__Exercise details__
Would you print the listing that follows exactly, but without its pictures?

◆ ◆ ◆ ◆

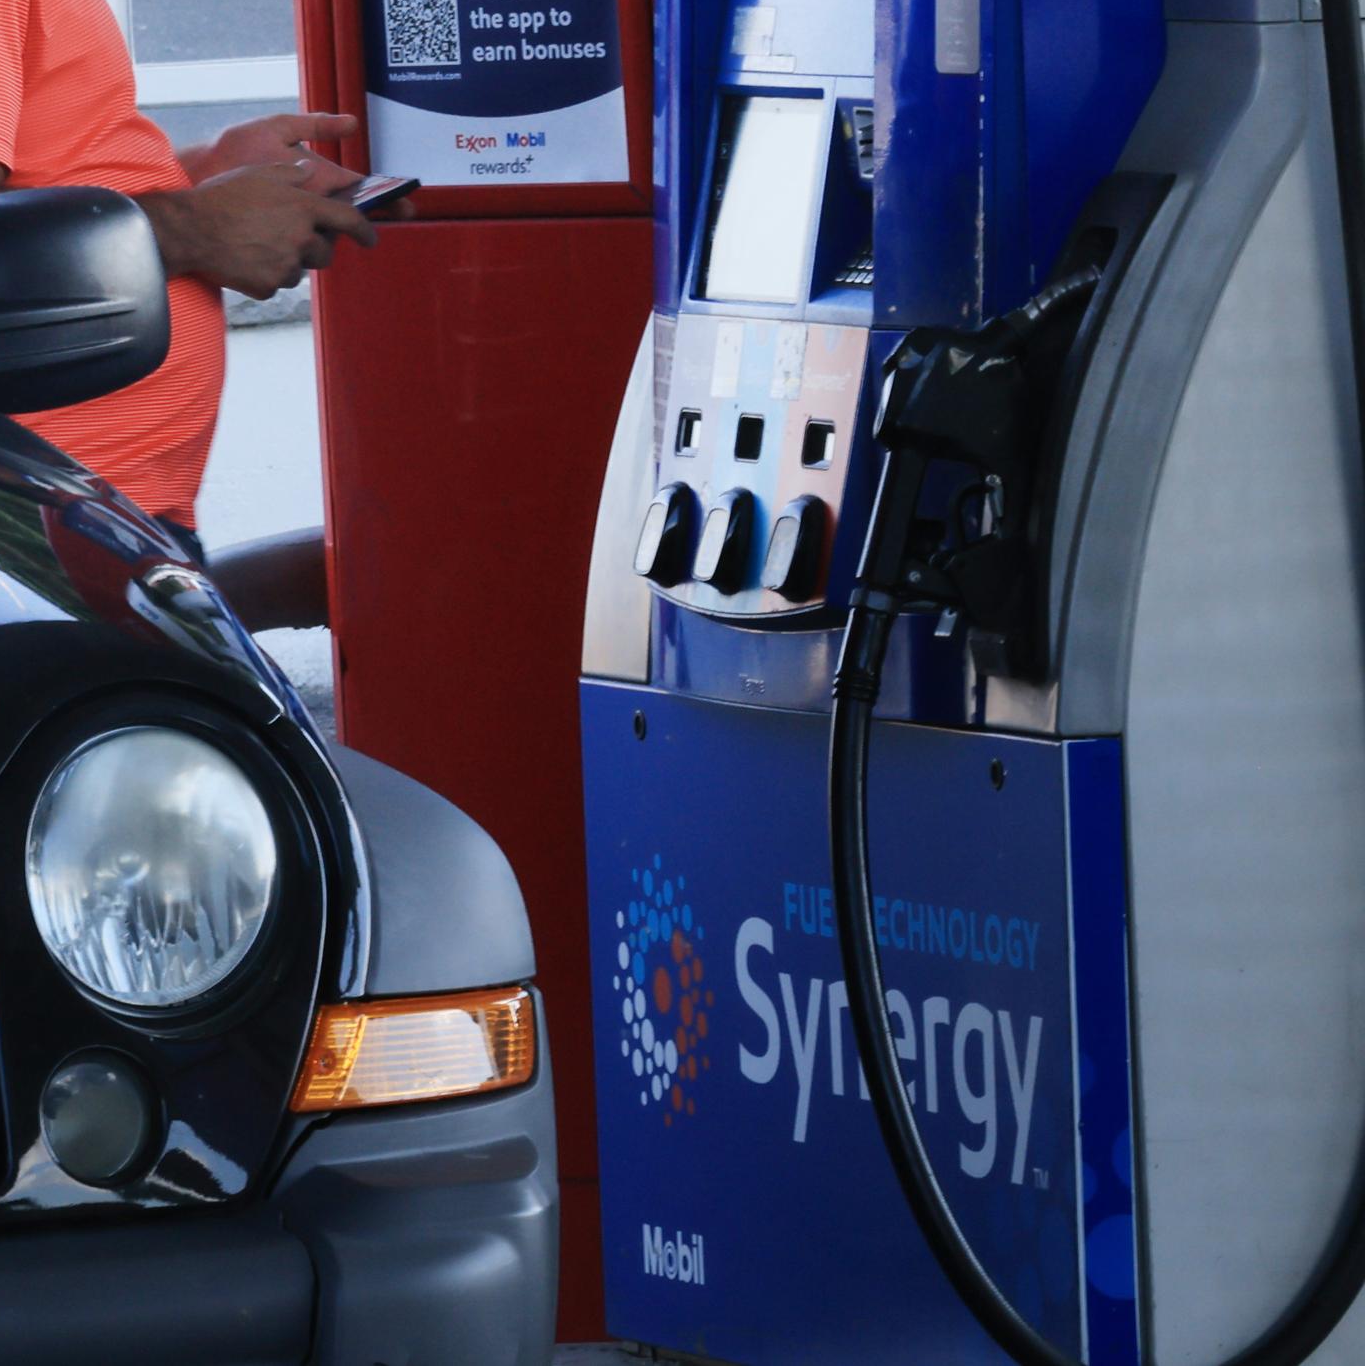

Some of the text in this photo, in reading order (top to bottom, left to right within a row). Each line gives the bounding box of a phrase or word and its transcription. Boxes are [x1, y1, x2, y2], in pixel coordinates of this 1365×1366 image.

[469, 7, 572, 34] the app to
[472, 38, 607, 63] earn bonuses
[455, 131, 546, 153] Exxon Mobil
[784, 883, 1041, 972] FUE ECHNOLOGY
[642, 1223, 705, 1287] Mobil
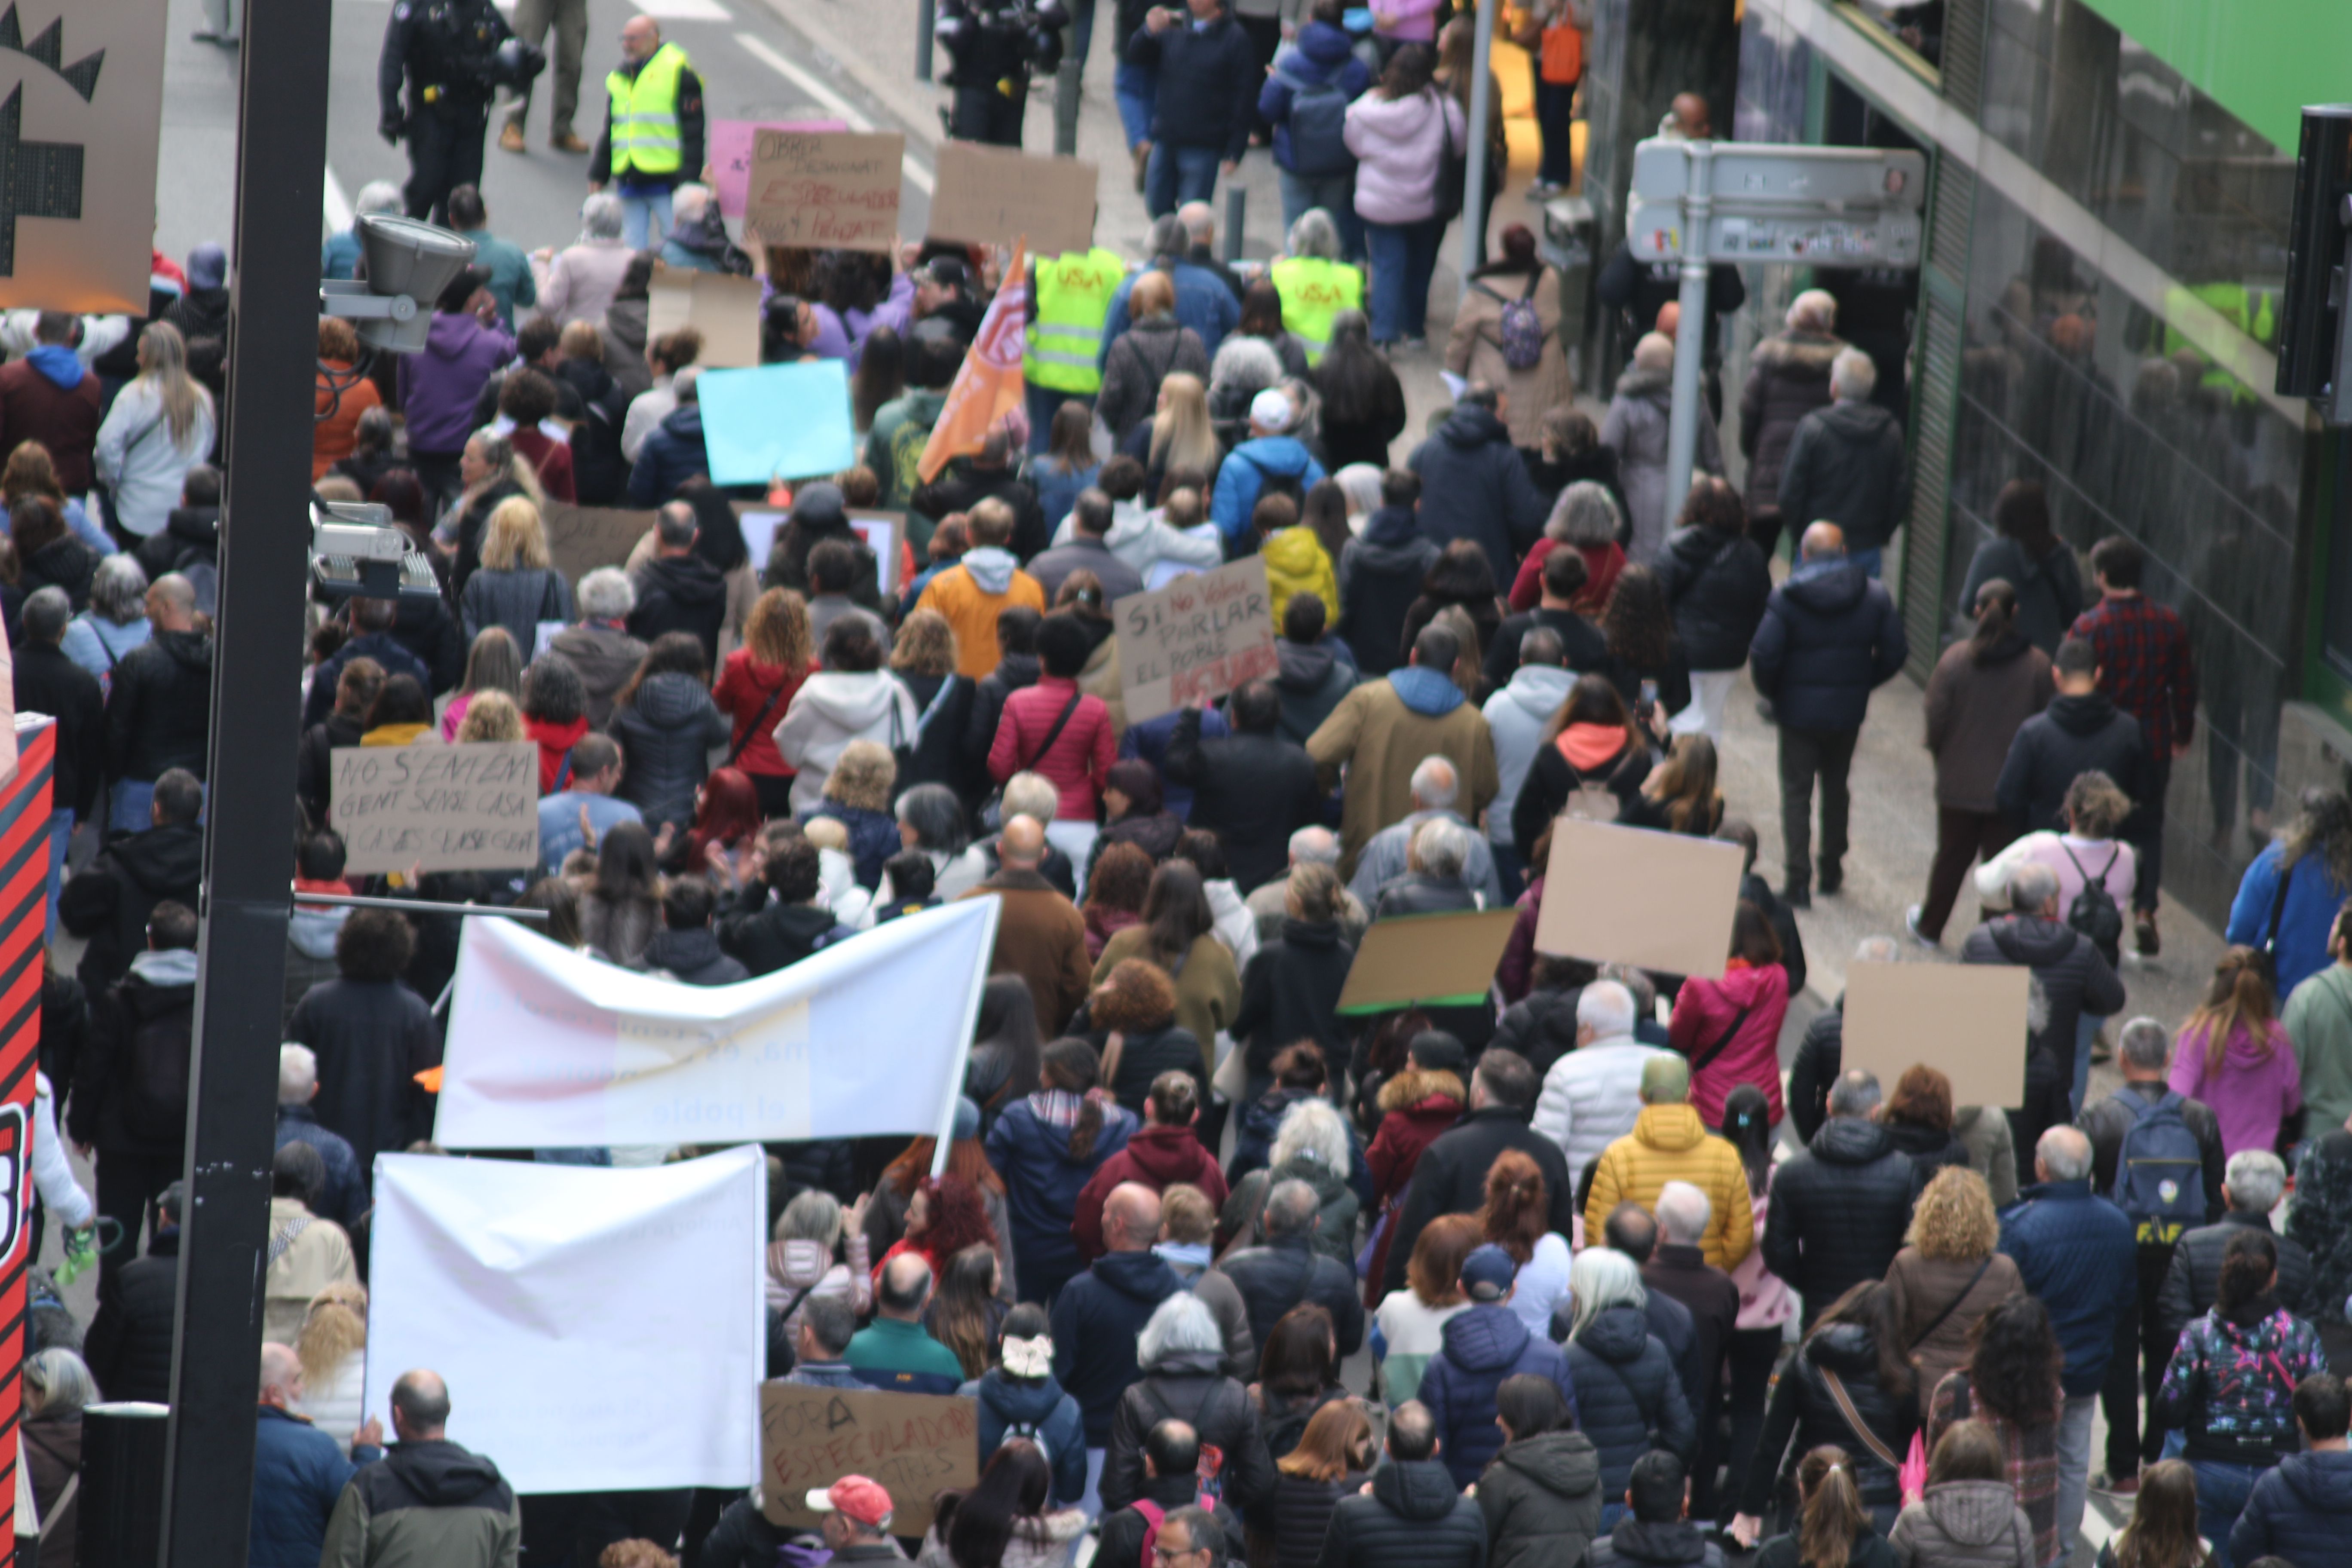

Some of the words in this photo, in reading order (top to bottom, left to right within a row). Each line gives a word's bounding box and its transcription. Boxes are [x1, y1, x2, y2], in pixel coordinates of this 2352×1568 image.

[757, 134, 822, 162] OBRER
[1158, 593, 1265, 649] PARLAR
[1136, 662, 1161, 686] EL
[1170, 636, 1228, 672] POBLE
[340, 757, 379, 788] NO
[340, 790, 404, 817] GENT
[407, 787, 470, 813] SENSE
[476, 790, 526, 818] CASA
[761, 1395, 858, 1444] FORA
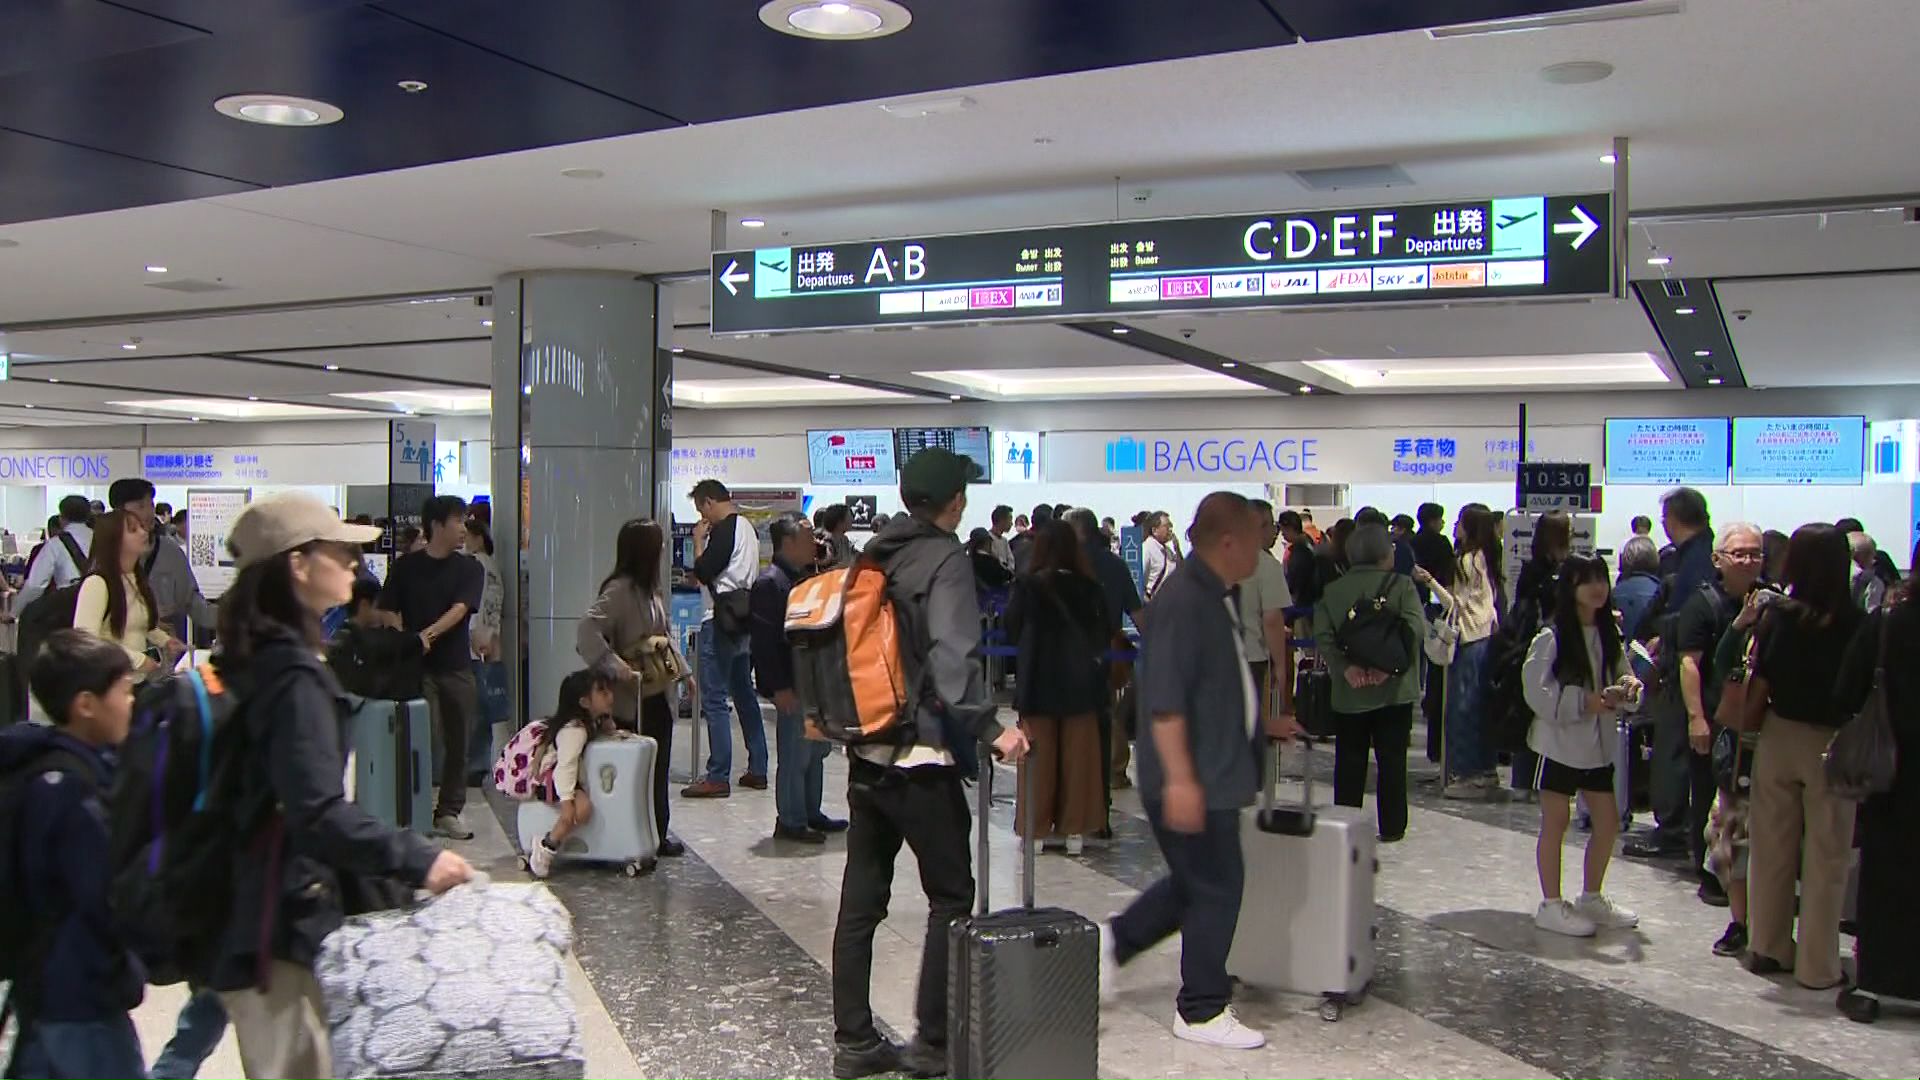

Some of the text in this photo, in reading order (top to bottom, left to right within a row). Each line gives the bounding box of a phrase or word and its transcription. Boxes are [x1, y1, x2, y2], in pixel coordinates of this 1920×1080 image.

◆ ◆ ◆ ◆

__Answer box__
Some of the text in this photo, in reading order (top to bottom, left to right within a row). Each line gives the bounding box of a phrase or word and its transcription. Boxes are [x1, y1, x2, y2], in pixel coordinates of this 1365×1366 image.

[469, 7, 572, 34] the app to
[472, 38, 607, 63] earn bonuses
[455, 131, 546, 153] Exxon Mobil
[784, 883, 1041, 972] FUE ECHNOLOGY
[642, 1223, 705, 1287] Mobil

Some of the words in this photo, in reading order (top to bottom, left to right within a row). Each line gives a word's bounding box and its transcription. Boxes are [x1, y1, x2, y2], in pixel coordinates of this 2352×1568 image.

[757, 134, 822, 162] OBRER
[1158, 593, 1265, 649] PARLAR
[1136, 662, 1161, 686] EL
[1170, 636, 1228, 672] POBLE
[340, 757, 379, 788] NO
[340, 790, 404, 817] GENT
[407, 787, 470, 813] SENSE
[476, 790, 526, 818] CASA
[761, 1395, 858, 1444] FORA

Some of the text in this photo, in reading order (top to bottom, left to right within a row). Each line gives the bounding box of a phrase or word and its transcription. Boxes are [x1, y1, x2, y2], in pixel coordinates of this 1920×1080 image.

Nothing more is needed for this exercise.